BEGIN
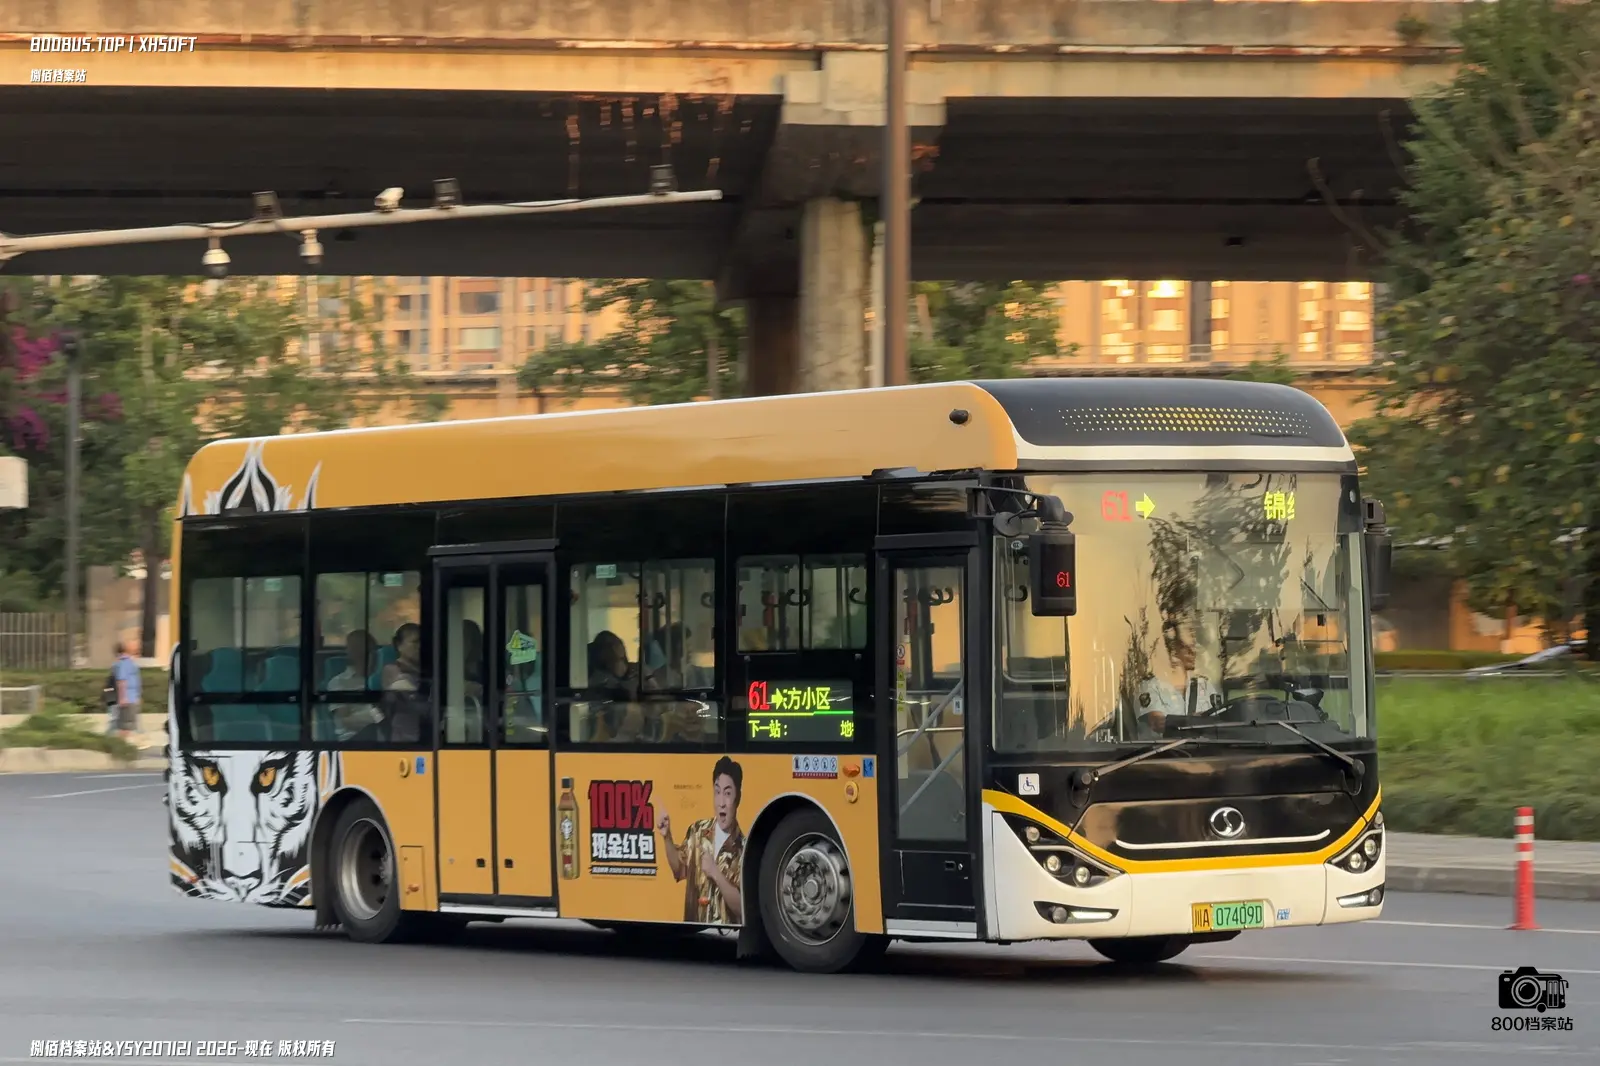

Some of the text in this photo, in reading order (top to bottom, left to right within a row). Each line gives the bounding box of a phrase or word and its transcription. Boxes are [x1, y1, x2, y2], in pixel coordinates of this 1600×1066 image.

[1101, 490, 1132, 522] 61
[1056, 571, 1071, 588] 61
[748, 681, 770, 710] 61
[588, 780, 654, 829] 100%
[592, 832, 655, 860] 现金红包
END
**TASK INSTRUCTIONS**
Apart from the images, every line above is to be given again exactly.

**TASK RESPONSE**
Some of the text in this photo, in reading order (top to bottom, left to right within a row). Each line gives the bounding box of a phrase or word and its transcription. Boxes are [x1, y1, x2, y2], in pixel coordinates of this 1600×1066 image.

[1101, 490, 1132, 522] 61
[1056, 571, 1071, 588] 61
[748, 681, 770, 710] 61
[588, 780, 654, 829] 100%
[592, 832, 655, 860] 现金红包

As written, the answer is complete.